Growing up as a member of the Church of Jesus Christ of Latter-day Saints (Mormon) while at the same time being attracted to the same gender is a somewhat awkward situation. From when I was very young, I was always a bit different from my peers. The knees of my pants never got holes in them. I preferred thoughtfulness and music to roughhousing and sports (although I did participate in sports a bit). I also started to develop spiritually at a very young age, and had experiences which helped solidify my testimony even before I was baptized at age eight.

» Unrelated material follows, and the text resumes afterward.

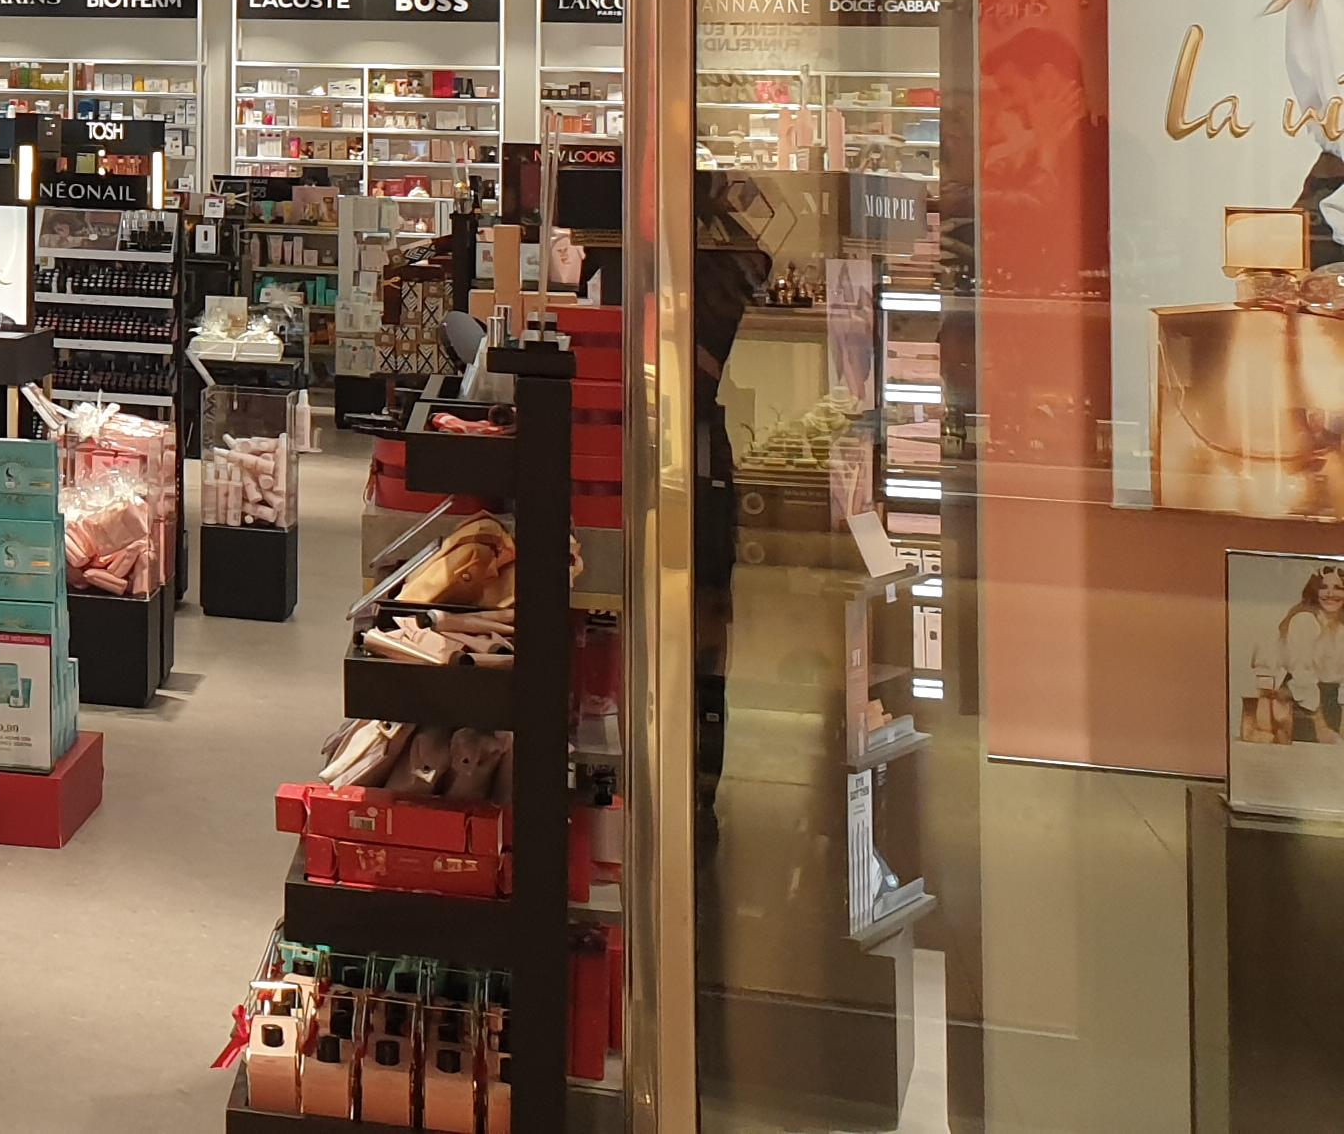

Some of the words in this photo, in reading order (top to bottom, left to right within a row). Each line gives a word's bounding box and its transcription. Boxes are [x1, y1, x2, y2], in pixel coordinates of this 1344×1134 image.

When I began to enter puberty, I almost immediately recognized that I was not attracted to girls. I knew my feelings were not similar to my friends feelings, and I started having feelings for boys. This seemed to be incongruous with my faith, and I didn't know what to do about it. So I just hid it, and went on with life. Some might call it a double-life, going on as if nothing was wrong in public, and having private desires that I never expressed to anybody. But, really, a lot of teenagers do this for one reason or another. Even adults do this all the time, and it's not considered a double life in most situations.
Anyway, I think I was 13 (or maybe 14) when it all became too much for me. I felt like I was trapped between a rock and a hard place. I felt like I wanted to hide forever, that nobody could love me if they knew all my secrets. I turned to the Lord in prayer, and had one of the sweetest, most powerful experiences of my life. I knew without reservation that I was loved no matter what. The rock of my physical desires was just one of the many characteristics that I would learn to build with in this mortal existence, and the hard place of the teachings of the Church was actually a solid foundation on which I could build. That's not how I understood it at the time, it's how I see things in retrospect. It was the unconditional love I felt from my Father in Heaven that helped me be at peace until I could start working these things out.
When other questions and conundrums cropped up in my life, I have always been able to turn to the Lord in prayer, and He has been generous in his communications. I'm not saying life has been easy or that I always knew what to do. I know I don't feel worthy of the great blessings I've always received, but I feel incredibly thankful for the mercy and grace of the Savior in my life.